Under the amendments a covered enterprise is one which has employees “engaged in commerce or in the production of goods for commerce * * * including employees handling, selling, or otherwise working on goods that have been moved in or produced for commerce.” 29 U.S.C. § 203(s).
2 The issue before us, then, is whether the Beck Building has employees involved in commerce in the manner prescribed by the Act. We think it does.On this appeal the Secretary grouped the Beck Building employees into five separate categories, to wit: (1) Office employees; (2) building maintenance personnel (maids, porters, and boiler room employees);
3 (3) parking lot attendants; (4) concession stand employees;4 and (5) a single maid/elevator operator. We are of the opinion that the office employees are “engaged in commerce or in the production of goods for commerce.” It is, therefore, unnecessary for us to consider whether employees in the remaining four categories are so engaged since they become, by virtue of the office employees’ engagement in commerce,, employed in a covered enterprise and are entitled to the benefits of the Act.We note the following facts. Defendant Travis Edwards, Inc., is a Louisiana corporation headquartered in Shreveport, the situs of the Henry C. Beck Building. Its president, Henry C. Beck, who is also a director and shareholder, resides in Dallas, Texas. Two other officers of the corporation, themselves directors and shareholders,, likewise live out-of-state, one in Dallas and one in Atlanta, Georgia.
With respect to the office employees the stipulated facts reveal that these employees regularly and customarily performed various clerical and bookkeeping duties including the preparation and making of rent ledgers, bank deposits, accounts receivable and payable.
“These daily and weekly facts and figures are then assimilated into three reports, copies of which are mailed to Henry C. Beck, President, Travis Edwards, Inc., Dallas, Texas, each month.
“These reports included the following:
“(1) Building owners and managers association report. This mainly reflects the balance, the profit and loss statement, operating expense breakdown, a summary of the payroll, a schedule of receipts and expenses of parking lot.

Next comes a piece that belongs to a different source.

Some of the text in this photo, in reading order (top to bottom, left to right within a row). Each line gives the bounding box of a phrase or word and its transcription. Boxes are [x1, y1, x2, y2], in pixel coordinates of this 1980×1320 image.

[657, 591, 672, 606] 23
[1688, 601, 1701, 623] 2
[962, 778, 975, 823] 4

*1053 “(2) Receipts and disbursements which show receipts from each category such as rent, and parking lot and the amount of disbursements which include expenses and the payroll information. Prior to January 1, 1970, this report reflected the receipts and expenses of the concession stand.“(3) - A monthly rent analysis showing tenants that paid or failed to pay. A copy of the rent analysis is also forwarded to the following officers, directors and stockholders of defendant, Travis-Edwards, Inc.

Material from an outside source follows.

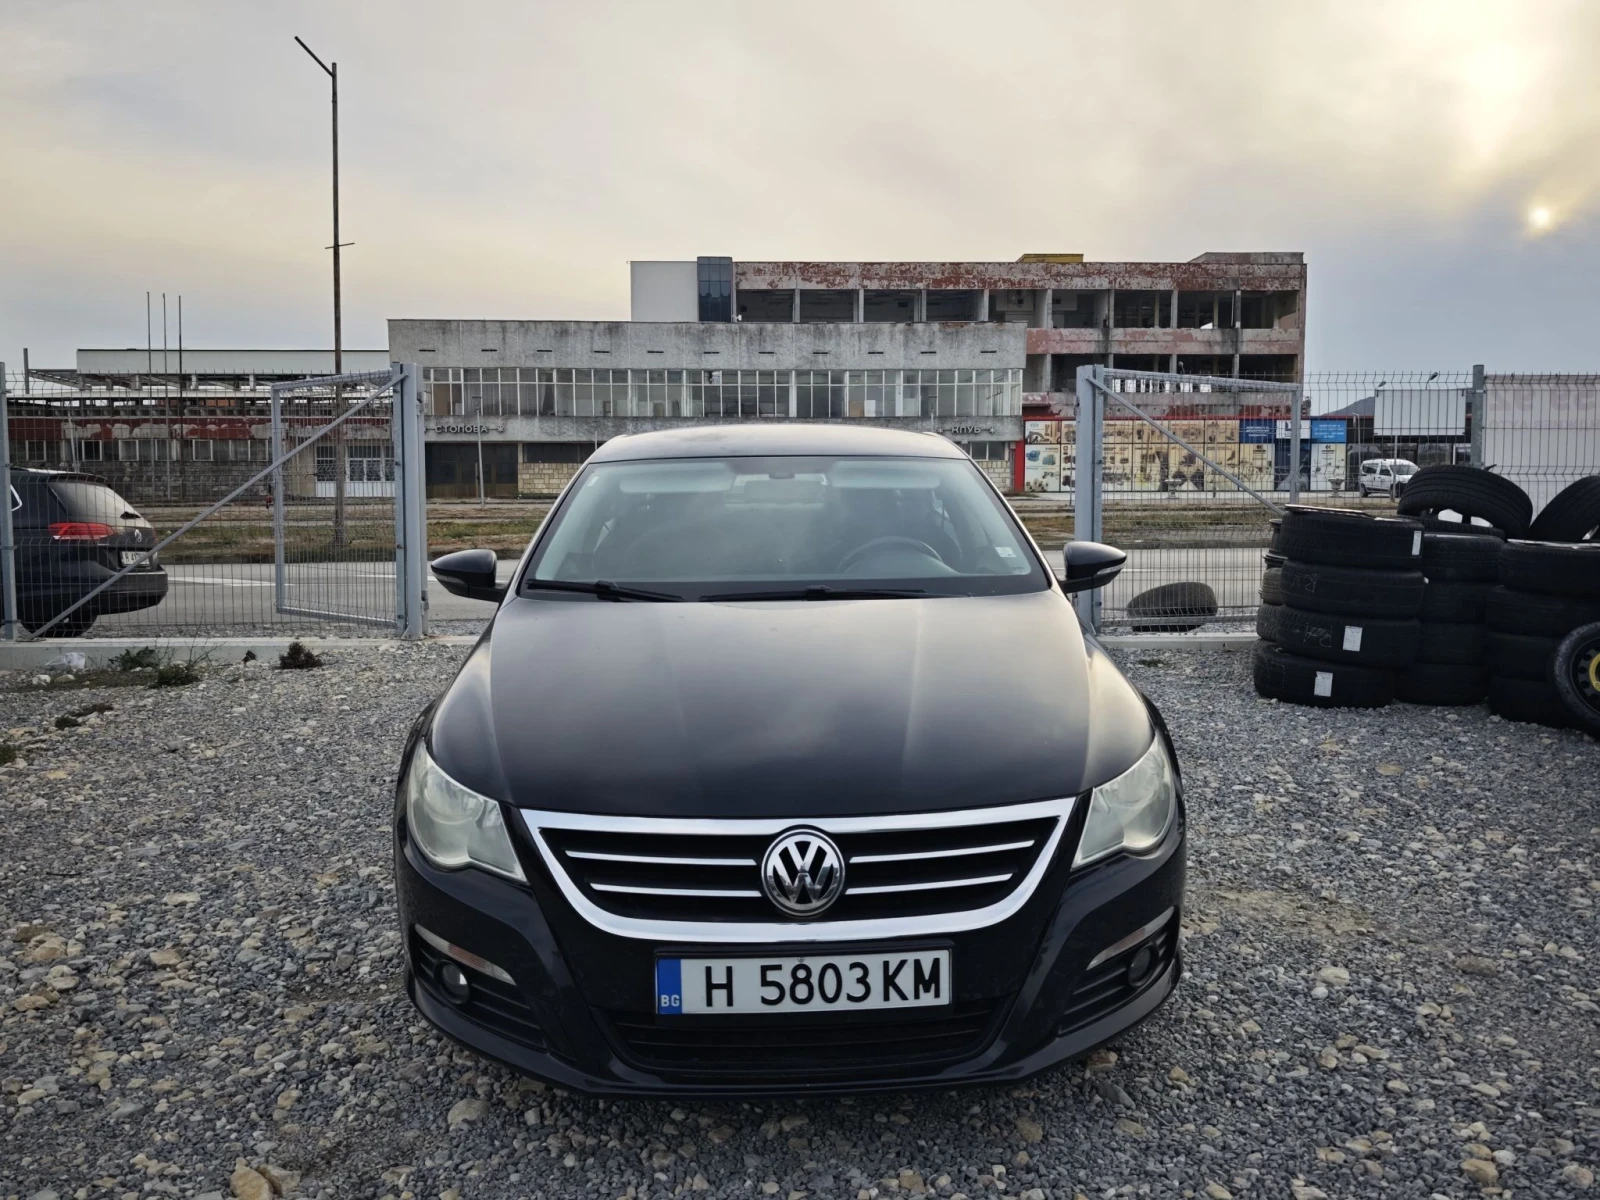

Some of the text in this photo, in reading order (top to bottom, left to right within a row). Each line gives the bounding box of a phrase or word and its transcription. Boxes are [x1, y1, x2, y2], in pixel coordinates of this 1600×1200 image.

[704, 956, 941, 1008] H 5803 KM
[660, 993, 681, 1007] BG

(a) Mr. Wirt Davis, Dallas, Texas.
(b) Mr. Joe B. Hutchison, Atlanta, Georgia.”
Our inquiry is directed to whether these employees are “engaged in commerce or in the production of goods for commerce.” Though it is plain that coverage under the Act will not here be derived from what the Beck Building tenants do, the line of cases dealing with such derivative coverage
5 is nonetheless relevant as bearing on what is directly involved here, i. e., the meaning of the terms “engaged in commerce” and “engaged in the production of goods for commerce.”Of course, the pivotal question is whether there exists, in the regular administration of the Beck Building, an element of “commerce” sufficient to meet the statutory requirements. We think it plain that if there is “commerce” here, the office employees are “engaged” in it (by virtue of their regular interstate communications with executive personnel) and/or are producing “goods” for commerce. See Wirtz v. A. S. Giometti and Associates, Inc., 399 F.2d 738 (CA 5, 1968); PBA of Birmingham v. Goldberg, (supra).
“Commerce” is defined by Section 3(b) of the Act as “trade, commerce, transportation, transmission, or communication among the several States.” (emphasis supplied). Taken literally the statutory definition clearly encompasses the various reports mailed to the out-of-state officers and directors and stockholders of Travis Edwards, Inc., since such reports are without question transmissions or communications among the states. However, defendant argues that the use of the mails here is incidental to the operation of a purely local business or in effect that such communications must involve some sort of business or profit-making activity in order for the Act to apply. While we do not perceive such a requirement in the statutory definition we would not in any event agree that what a corporation such as this one finds it worth paying its employees to do and which must consume a substantial portion of their time on the job is not a part of that business’ profit-making activities.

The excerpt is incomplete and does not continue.